**WORK TASK:**
All records below are to be repeated exactly, with the pictures left out.

>>>>>

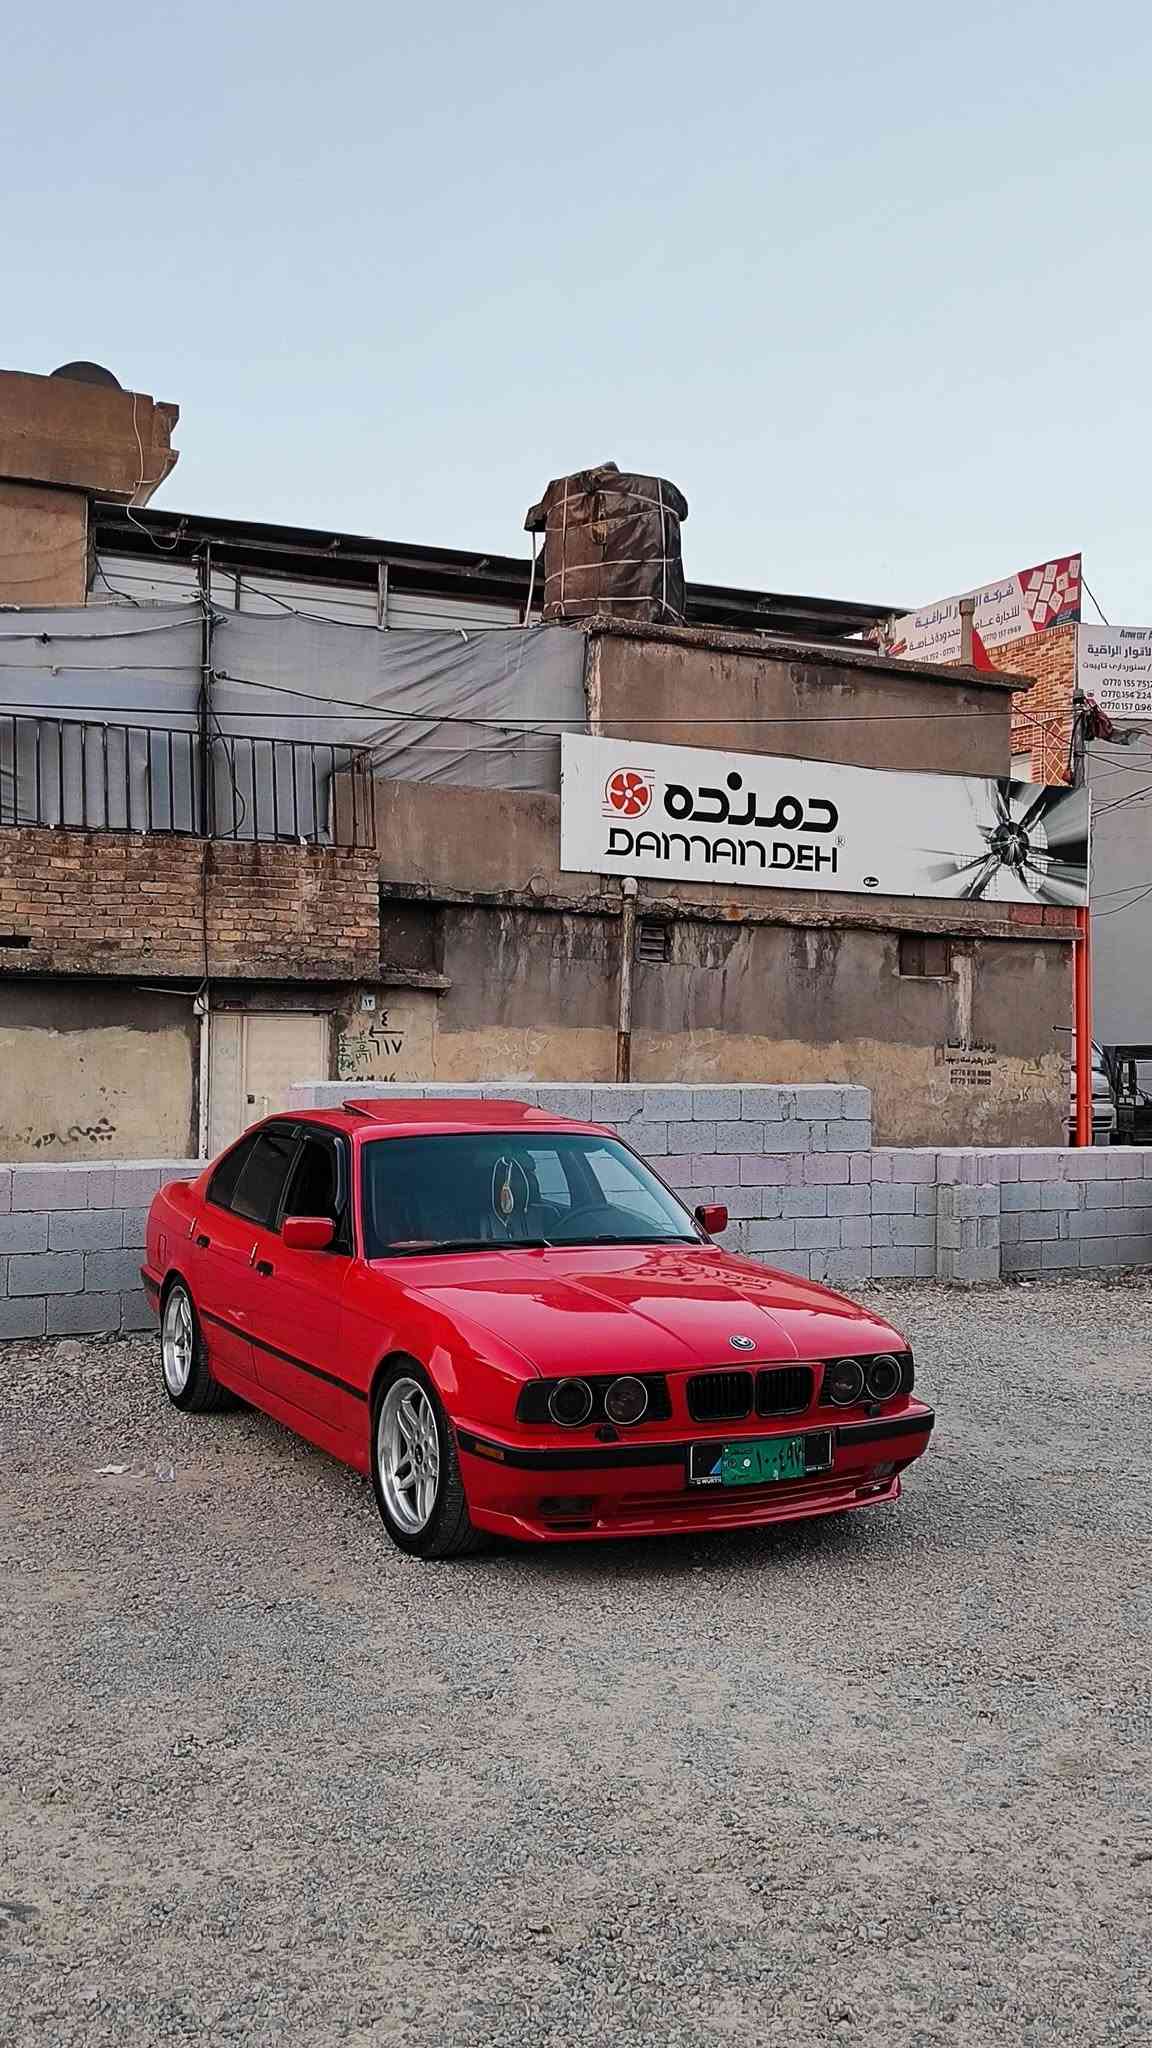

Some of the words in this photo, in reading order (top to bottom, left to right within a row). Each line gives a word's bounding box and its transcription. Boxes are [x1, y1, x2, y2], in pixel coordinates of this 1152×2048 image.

[1101, 690, 1120, 698] 0770
[1102, 679, 1121, 687] 0770
[663, 771, 839, 833] دمنده
[603, 826, 838, 874] DAMANDEH
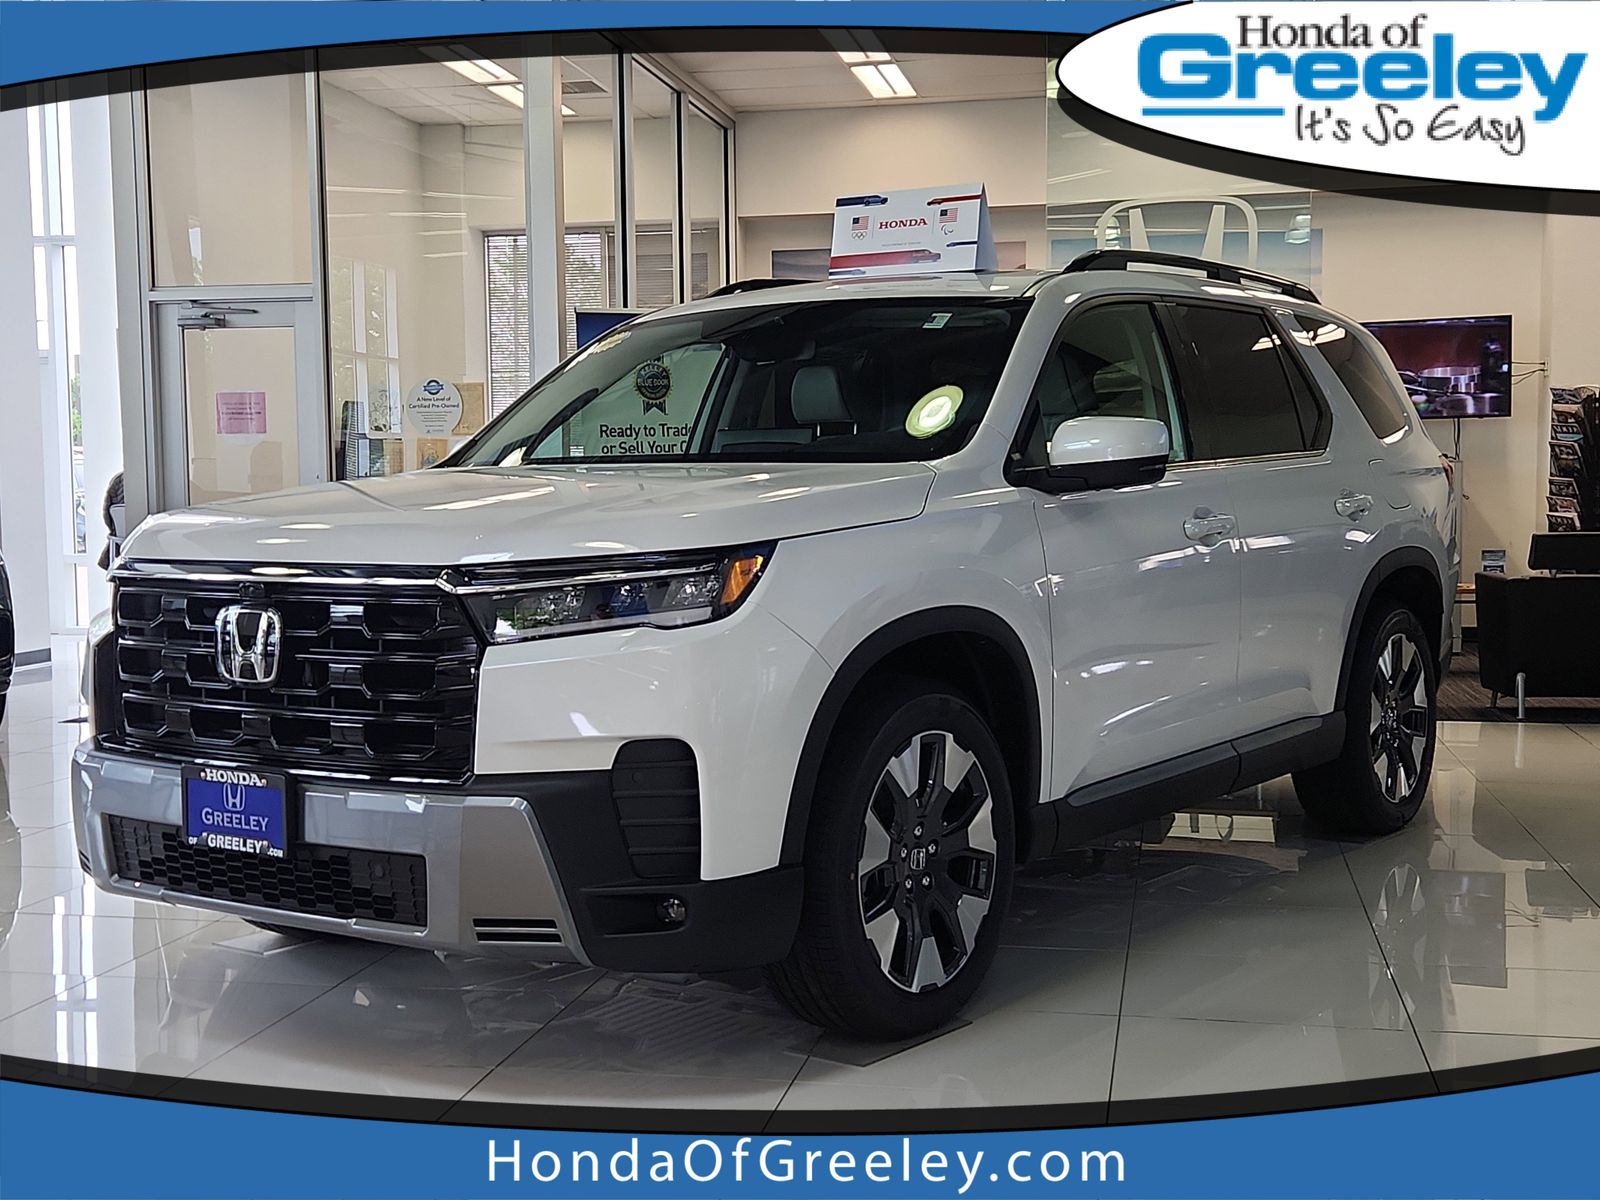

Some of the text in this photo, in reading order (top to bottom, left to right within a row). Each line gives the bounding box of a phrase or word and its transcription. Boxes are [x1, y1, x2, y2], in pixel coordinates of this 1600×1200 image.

[878, 217, 928, 230] HONDA
[599, 423, 641, 440] Ready
[643, 425, 656, 437] to
[601, 444, 616, 455] or
[618, 441, 645, 454] Sell
[647, 440, 677, 454] Your
[204, 768, 263, 787] HONDA
[201, 807, 269, 832] GREELEY
[188, 836, 198, 845] OF
[207, 833, 262, 854] GREELEY

<<<<<

**REPLY:**
Some of the words in this photo, in reading order (top to bottom, left to right within a row). Each line gives a word's bounding box and its transcription. Boxes are [x1, y1, x2, y2], in pixel coordinates of this 1152×2048 image.

[1101, 690, 1120, 698] 0770
[1102, 679, 1121, 687] 0770
[663, 771, 839, 833] دمنده
[603, 826, 838, 874] DAMANDEH

Some of the text in this photo, in reading order (top to bottom, left to right within a row). Each line gives the bounding box of a phrase or word and its transcription. Boxes are [x1, y1, x2, y2], in pixel coordinates of this 1600×1200 image.

[878, 217, 928, 230] HONDA
[599, 423, 641, 440] Ready
[643, 425, 656, 437] to
[601, 444, 616, 455] or
[618, 441, 645, 454] Sell
[647, 440, 677, 454] Your
[204, 768, 263, 787] HONDA
[201, 807, 269, 832] GREELEY
[188, 836, 198, 845] OF
[207, 833, 262, 854] GREELEY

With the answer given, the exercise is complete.